_Activity_
Every entry that follows should be reproduced exactly.

Top of The input

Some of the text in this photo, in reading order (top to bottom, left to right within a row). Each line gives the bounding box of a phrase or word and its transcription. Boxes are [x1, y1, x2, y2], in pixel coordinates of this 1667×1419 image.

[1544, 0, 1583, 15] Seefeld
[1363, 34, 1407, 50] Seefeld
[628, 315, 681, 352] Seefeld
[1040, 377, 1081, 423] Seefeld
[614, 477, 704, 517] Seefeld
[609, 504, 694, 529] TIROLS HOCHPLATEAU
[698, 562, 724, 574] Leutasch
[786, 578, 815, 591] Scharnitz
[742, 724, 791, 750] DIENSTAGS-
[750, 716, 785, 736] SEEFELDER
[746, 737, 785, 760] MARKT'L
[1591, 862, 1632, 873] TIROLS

Bottom of The input

_Written response_
Some of the text in this photo, in reading order (top to bottom, left to right within a row). Each line gives the bounding box of a phrase or word and its transcription. Boxes are [x1, y1, x2, y2], in pixel coordinates of this 1667×1419 image.

[1544, 0, 1583, 15] Seefeld
[1363, 34, 1407, 50] Seefeld
[628, 315, 681, 352] Seefeld
[1040, 377, 1081, 423] Seefeld
[614, 477, 704, 517] Seefeld
[609, 504, 694, 529] TIROLS HOCHPLATEAU
[698, 562, 724, 574] Leutasch
[786, 578, 815, 591] Scharnitz
[742, 724, 791, 750] DIENSTAGS-
[750, 716, 785, 736] SEEFELDER
[746, 737, 785, 760] MARKT'L
[1591, 862, 1632, 873] TIROLS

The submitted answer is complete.